French Bishops Kneel in Repentance for Abuse of Thousands of Children
Senior members of the Roman Catholic hierarchy in France have knelt at the shrine of Lourdes in a gesture of repentance, a day after bishops acknowledged the Church’s responsibility for decades of abuse against children, reports The Guardian.
In Lourdes, a pilgrimage site for Christians, approximately 120 archbishops, bishops, and laypeople gathered for the unveiling of a photograph depicting a sculpture representing the head of a crying child. At the request of the victims, the clergy did not wear their religious vestments for the ceremony.
The wall on which the photograph is mounted will serve as a "place of memory" for the victims. The photograph was taken by one of the abuse victims. Furthermore, the suffering endured by one of them was detailed in a passage read by another survivor.
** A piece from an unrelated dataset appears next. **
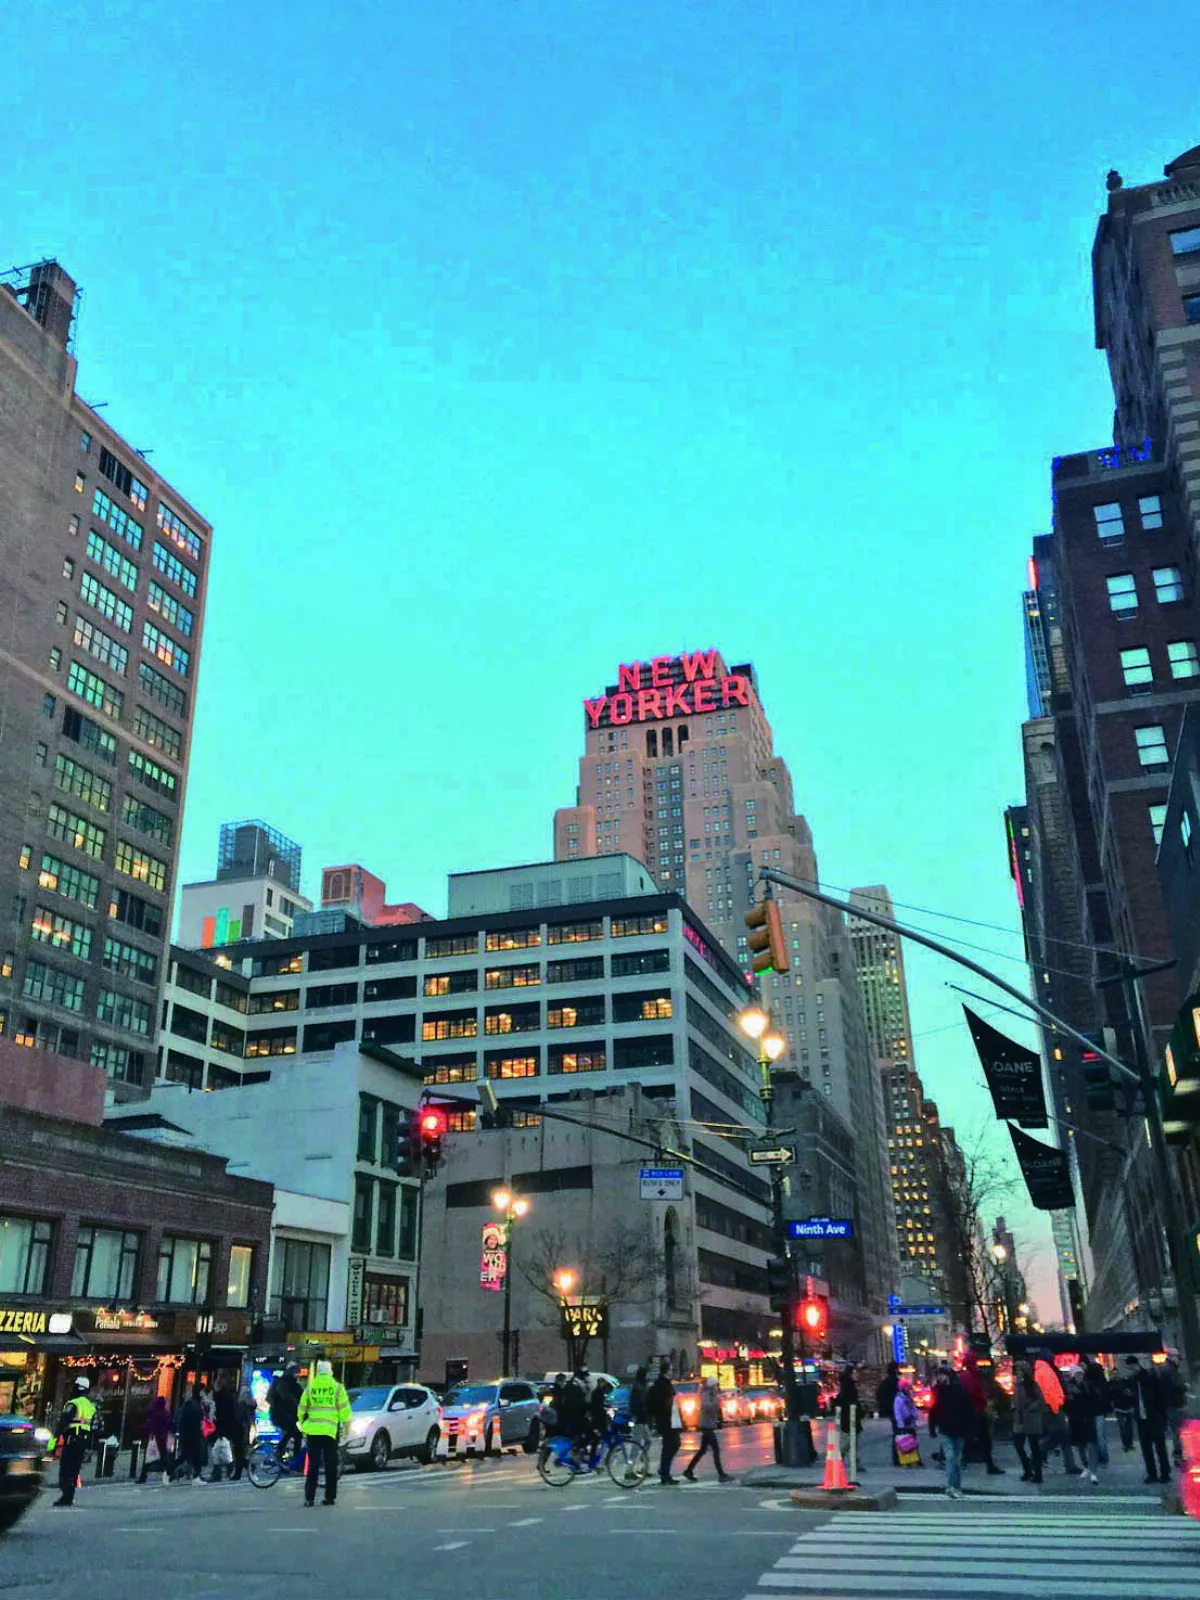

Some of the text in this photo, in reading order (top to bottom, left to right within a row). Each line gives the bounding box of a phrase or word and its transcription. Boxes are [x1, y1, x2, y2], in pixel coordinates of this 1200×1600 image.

Just a day earlier, after voting at their annual assembly, French bishops officially acknowledged that the Catholic Church bears "institutional responsibility" for thousands of cases of child sexual abuse. The assembly also recognized that the Church allowed the abuses to become "systemic."
Cases of sexual abuse reaching back to the 1950s involving at least 216,000 minors were extensively documented in an independent report published a month ago, which spoke of the "veil of silence" that has shrouded the scandal.